Atheists avoid the problem by saying that there is no God, pantheists by saying that God is beyond good and evil and that suffering is an illusion. Neither of these views is satisfactory, because if the world is really as unjust as that, where do we get our sense of justice? (For the reasons that these views won't do, see the forthcoming article on Other Religions.

Suffering is hard to talk about, so hard that we may try to avoid it by being very moralistic or intellectual. The Bible won't let us. It puts a human face on the pain: the face of Job, an Old Testament saint, so good that even God boasted about him. Job was a righteous and wealthy man. He had seven sons and three daughters, many servants, and over ten thousand animals. One day God and the angels are meeting; Satan walks in. God asks him where he has come from; Satan says, `From going to and fro on the earth'. God brags about Job's uprightness. Satan replies that Job only fears God because of His gifts; and the wager is on. God takes away everything at once: Job's animals, servants, and children.

'Then Job arose, and tore his robe, and shaved his head, and fell upon the ground, and worshipped. He said, `Naked I came from my mother's womb, and naked shall I return; the LORD gave, and the LORD has taken away; blessed be the name of the LORD.'' (Job 1:20-21, ESV) `See?' says God. Satan isn't convinced.

With God's permission Satan afflicts Job with loathsome sores from head to foot; Job sits in the ashes scratching himself with a piece of broken pottery. Still he receives this patiently and does not rebel against God. Then his four friends come along to comfort him. Seeing him, they tear their robes and put ashes on their heads, and sit silently with him for a whole week—just the right thing to do.

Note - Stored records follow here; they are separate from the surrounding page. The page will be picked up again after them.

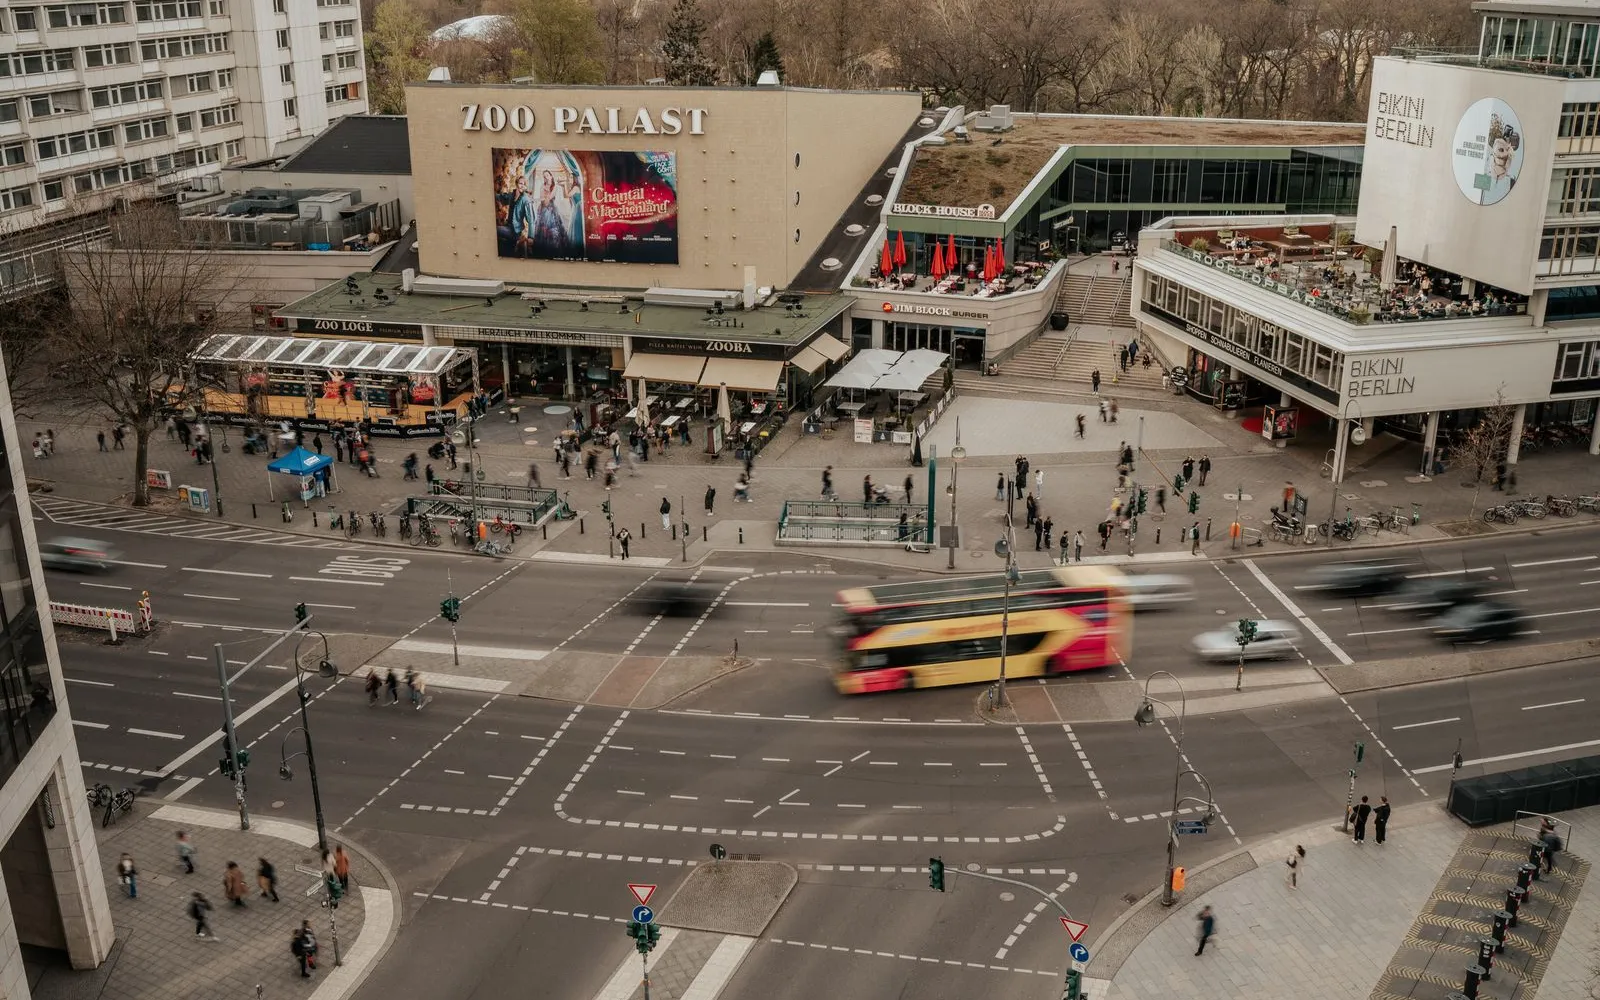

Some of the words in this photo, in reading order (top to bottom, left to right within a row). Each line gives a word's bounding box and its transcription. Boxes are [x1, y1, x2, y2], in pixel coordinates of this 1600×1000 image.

[1377, 91, 1425, 120] BIKINI
[460, 103, 536, 133] ZOO
[551, 105, 709, 136] PALAST
[1374, 116, 1435, 149] BERLIN
[592, 187, 645, 205] Chantal
[892, 203, 932, 214] BLOCK
[935, 205, 975, 217] HOUSE
[894, 304, 914, 313] JIM
[915, 305, 950, 316] BLOCK
[952, 310, 989, 319] BURGER
[314, 319, 339, 330] ZOO
[342, 321, 373, 332] LOGE
[477, 327, 521, 338] HERZLICH
[524, 330, 587, 341] WILLKOMMEN
[705, 341, 753, 353] ZOOBA
[1185, 323, 1207, 340] SHOPPEN
[1210, 335, 1251, 361] SCHNABULIEREN
[1253, 356, 1283, 376] FLANIEREN
[1350, 357, 1404, 377] BIKINI
[1348, 376, 1415, 398] BERLIN
[318, 555, 411, 579] BUS

After this Job opened his mouth and cursed the day of his birth.' (1:31) One friend  answers him at first with encouragement: since Job is a good man, he can confidently expect good things from God, because it is only sinners who meet misfortune; God will heal him and restore him. Job replies that his friends do not take his suffering seriously; he is in pain night and day, and has no rest, yet they give him home-truths he already knows. He prays again for death, and asks God to show him what he has done wrong to deserve all this; he wants his day in court.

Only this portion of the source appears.